Goldenberg’s path to medicine began at a young age. He excelled in science in school. He grew up with a dad who was a dentist and a belief that doctors could heal.

But 2003, his first year of medical school, was difficult. He didn’t fit in with some of his classmates who were focused on which speciality would yield the biggest salary.

Stumbling upon a book by Dr. Hunter “Patch” Adams, the doctor who devoted himself to infusing humor and compassion in medicine, provided the inspiration he needed. Adams’ name became the title of a movie starring Robin Williams, which made the red clown nose he popped on when visiting sick children famous.

Goldenberg reached out to Adams’ nonprofit Gesundheit Institute, which allowed him to volunteer. He soon embarked on a 300-mile bike ride from Ohio to West Virginia to spend the summer after his first year of medical school surrounded by people who, like him, were frustrated by the health care system. They yearned for an approach that focused not just on the illness of one patient, but on the health of a community.

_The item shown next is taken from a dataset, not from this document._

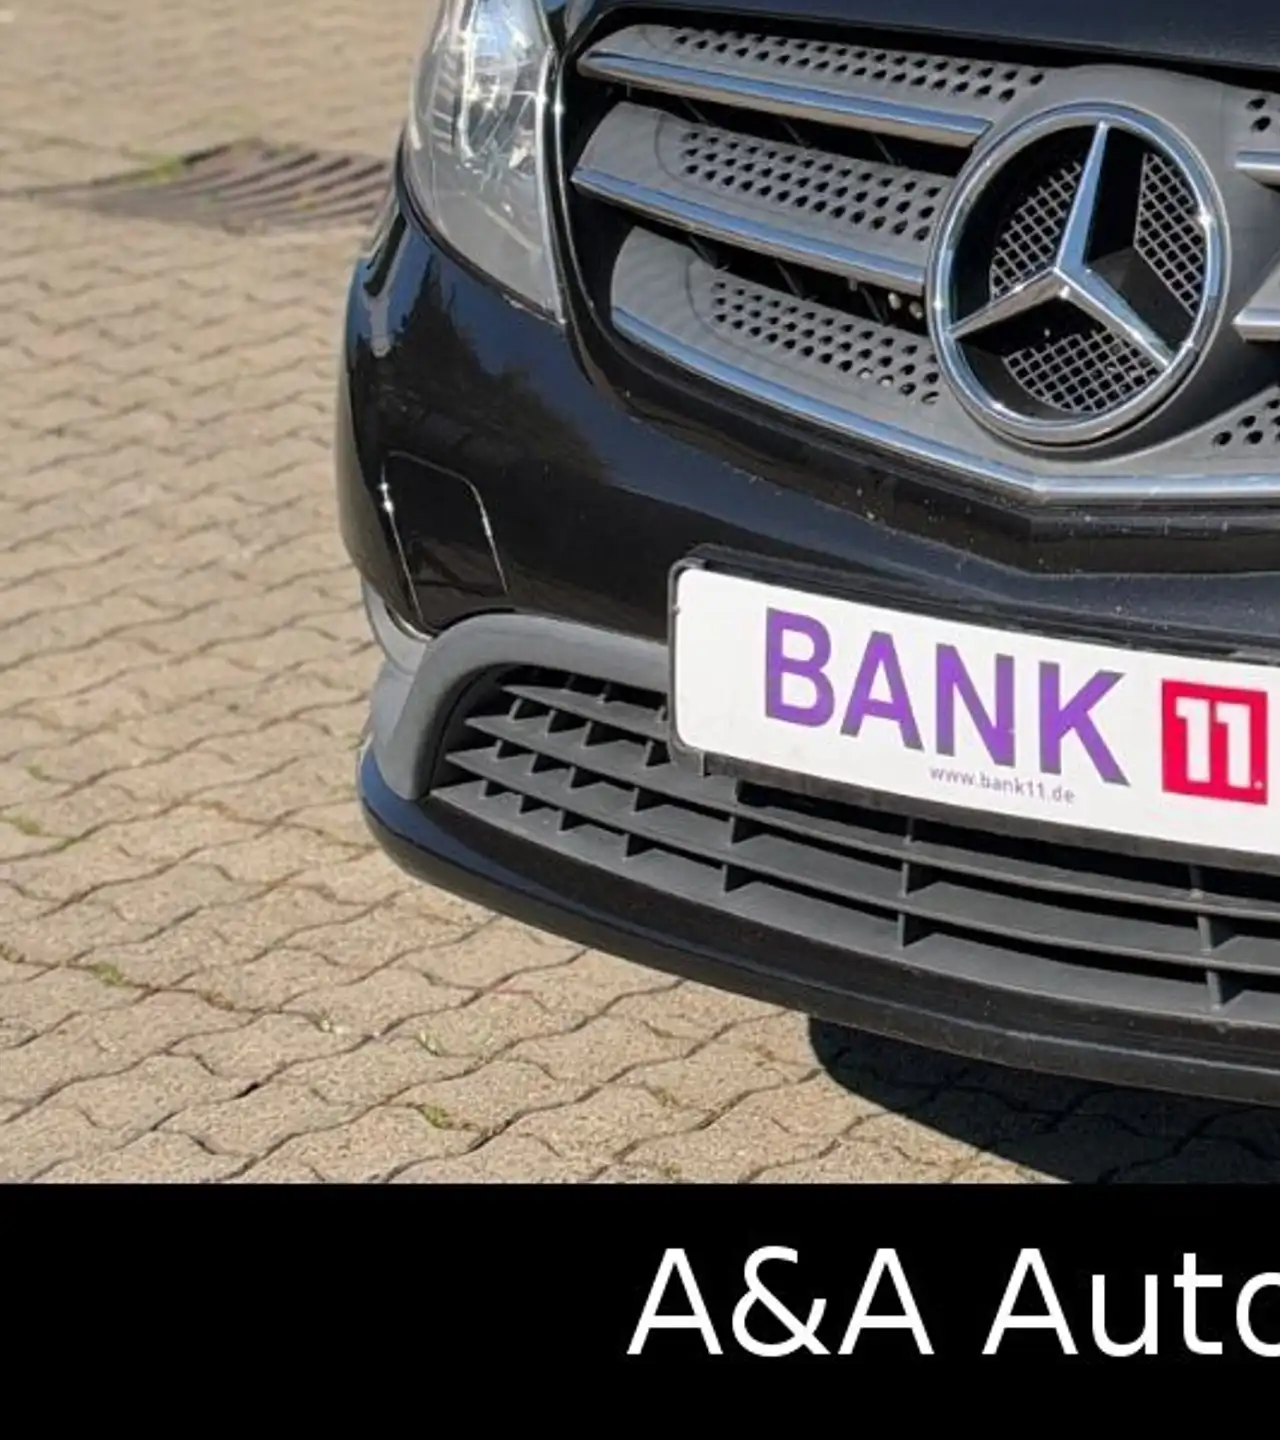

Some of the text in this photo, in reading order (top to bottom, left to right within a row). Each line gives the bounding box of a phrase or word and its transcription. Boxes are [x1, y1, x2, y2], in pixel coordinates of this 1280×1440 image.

[765, 607, 1253, 789] BANK 11
[929, 766, 1075, 804] www.bank11.de

When he got back, he volunteered at a free clinic in Columbus. The experience deepened his appreciation for caring for the sick as well as his disillusionment with a health care system he viewed as farming out the medical treatment of certain patients to trainees.

The next turning point came when he attended a conference of the American Medical Student Association, which encourages doctors to advocate for affordable health care. Seeing so many of his fellow medical students with the same values energized him.

“Vast swaths of our population were uninsured,” he recalled. “I just couldn’t get over how unfair that was and wanted to be part of the good guys fighting to change that.”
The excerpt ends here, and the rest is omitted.